BEGIN
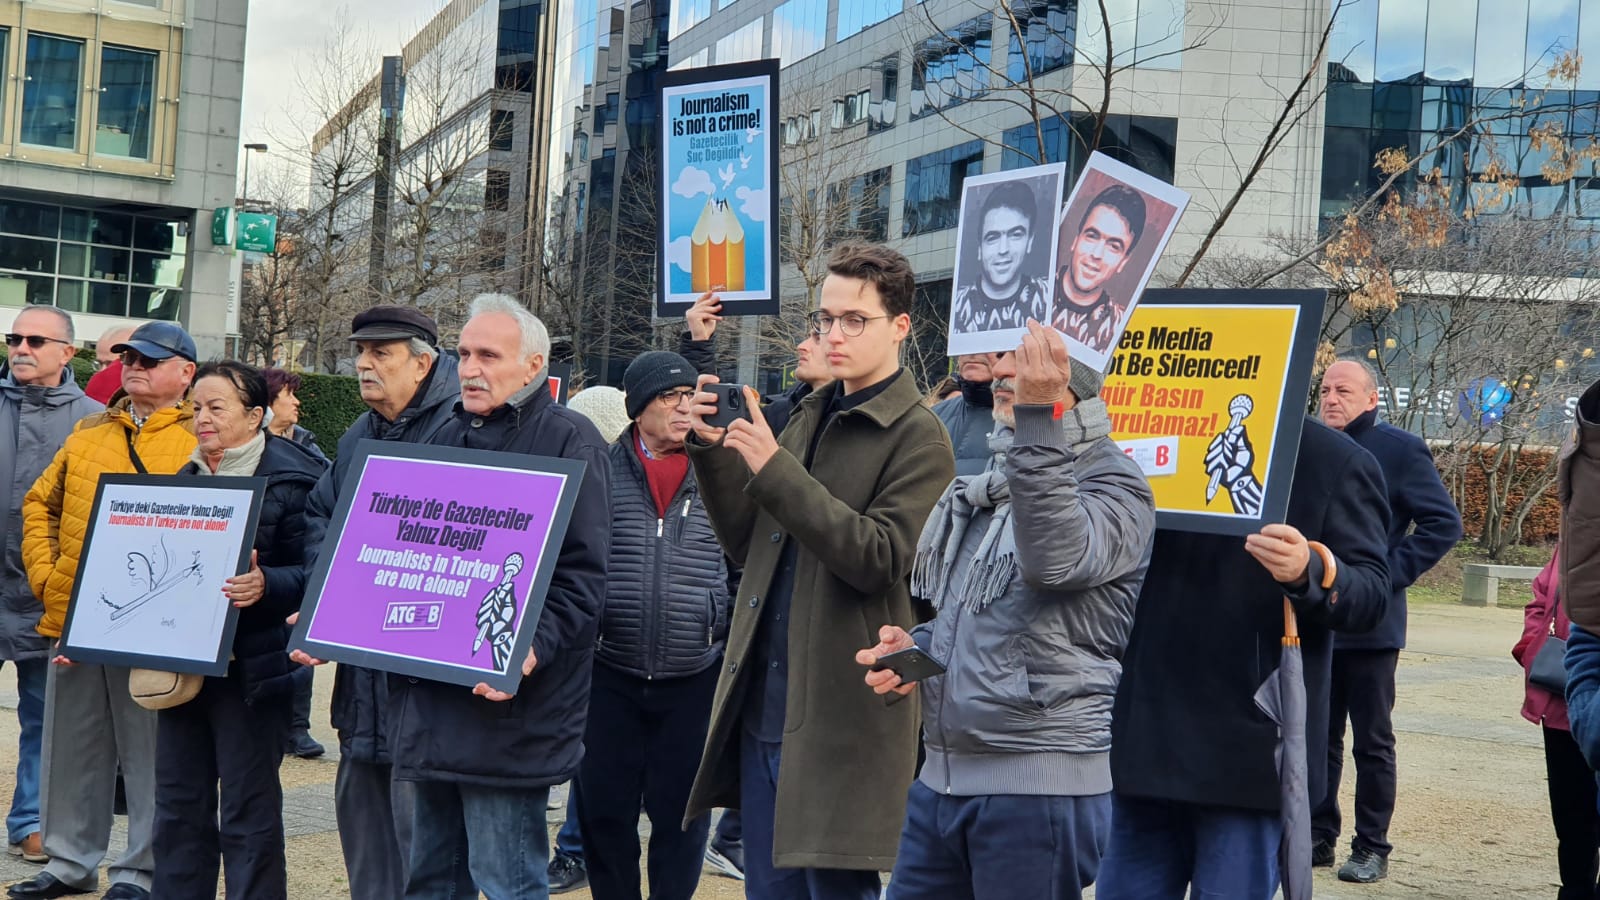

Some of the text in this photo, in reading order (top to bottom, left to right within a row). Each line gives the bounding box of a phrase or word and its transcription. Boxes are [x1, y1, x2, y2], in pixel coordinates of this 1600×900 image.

[680, 92, 749, 117] Journalism
[673, 108, 760, 137] is not a crime!
[690, 133, 739, 150] Gazetecilik
[687, 150, 704, 164] Suç
[1118, 326, 1214, 351] ee Media
[1126, 353, 1154, 377] Be
[1157, 353, 1261, 380] Silenced!
[1100, 381, 1205, 409] gür Basın
[1107, 410, 1219, 437] urulamaz!
[108, 513, 229, 532] Journalists in Turkey are not alone!
[151, 501, 190, 516] Gazeteciler
[191, 504, 212, 518] Yalnız
[212, 505, 235, 520] Değil!
[368, 491, 534, 532] Türkiye'de Gazeteciler
[396, 519, 488, 552] Yalnız Değil!
[357, 543, 500, 583] Journalists in Turkey
[374, 569, 472, 598] are not alone!
END
Problem description:
Omit the pictures, and quote the material above exactly as given.

Result of the exercise:
Some of the text in this photo, in reading order (top to bottom, left to right within a row). Each line gives the bounding box of a phrase or word and its transcription. Boxes are [x1, y1, x2, y2], in pixel coordinates of this 1600×900 image.

[680, 92, 749, 117] Journalism
[673, 108, 760, 137] is not a crime!
[690, 133, 739, 150] Gazetecilik
[687, 150, 704, 164] Suç
[1118, 326, 1214, 351] ee Media
[1126, 353, 1154, 377] Be
[1157, 353, 1261, 380] Silenced!
[1100, 381, 1205, 409] gür Basın
[1107, 410, 1219, 437] urulamaz!
[108, 513, 229, 532] Journalists in Turkey are not alone!
[151, 501, 190, 516] Gazeteciler
[191, 504, 212, 518] Yalnız
[212, 505, 235, 520] Değil!
[368, 491, 534, 532] Türkiye'de Gazeteciler
[396, 519, 488, 552] Yalnız Değil!
[357, 543, 500, 583] Journalists in Turkey
[374, 569, 472, 598] are not alone!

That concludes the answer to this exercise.